The internet moves faster than a wildfire, folks.
Pepsi was desperate to connect with Millennials. I can almost hear the concept meeting now…
Kardashian/Jenner Klan? Check. Upbeat music? Check. Attractive, young and diverse crowd? Check. A political scene that’s not too political? Check.
The problem here? Millennials are skeptical of almost every ad you throw at them and this ad reeked of “trying too hard.”
While Pepsi desperately tried to connect with their audience, we saw a brand drag their audience through the proverbial mud just a week later.
On April 9th, Dr. Dao was yanked from his seat on a United Airlines flight and dragged down the aisle of the airplane as blood dripped from the corners of his mouth. Within minutes grainy cell phone videos were uploaded to social media, interviews were being given by eyewitnesses and this story became international news. United Airline’s response? A water down public apology, immediately followed by a private email to employees where the United’s CEO placed the blame squarely on the passenger.

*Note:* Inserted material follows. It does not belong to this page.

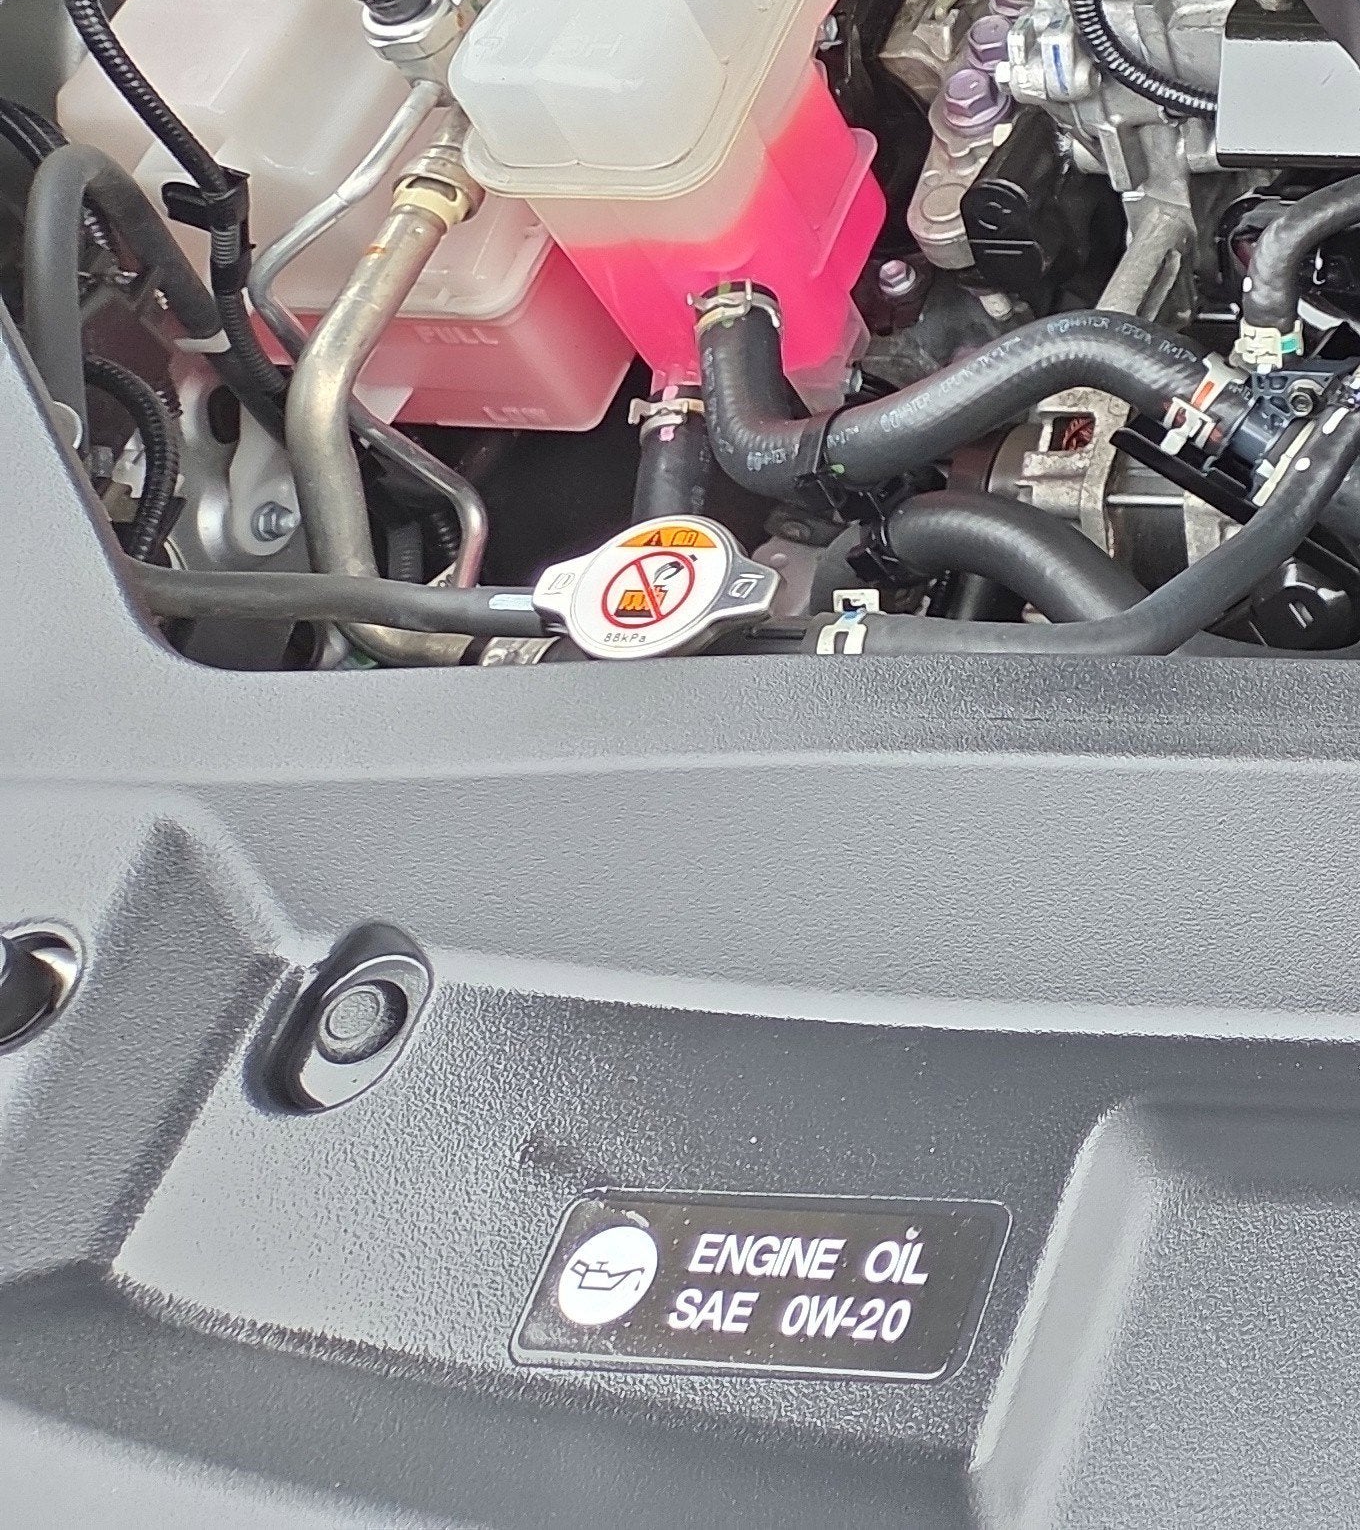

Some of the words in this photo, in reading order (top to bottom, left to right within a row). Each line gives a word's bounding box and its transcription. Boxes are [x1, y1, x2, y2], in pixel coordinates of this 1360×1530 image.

Cultural Context and Temperature
While these two moments may seem light years away, they’re deeply connected. Both Pepsi and United missed the mark because they misunderstood the culture around their brands.
Pepsi trivialized decades of civil rights marches and complex racial/political divides by suggesting that it could all be solved with just an 8oz can of soda. While United seemed oblivious to the frustration most travels have with commercial airlines. Today’s airline travelers feel beat up by price gouging, poor customer service and unpredictable flights just for starters. When people saw Dr. Dao being dragged off that United flight, every single person who has ever felt taken advantage of or stepped on by a brand, saw themselves.
The big brands that will maintain and grow market share must pay attention to the culture around their products or service. Companies no longer live in a vacuum and they do not have the luxury of burning through their audiences. The coming months will tell if United Airlines can regroup and position themselves as truly customer focused and if Pepsi can create new content that actually sticks.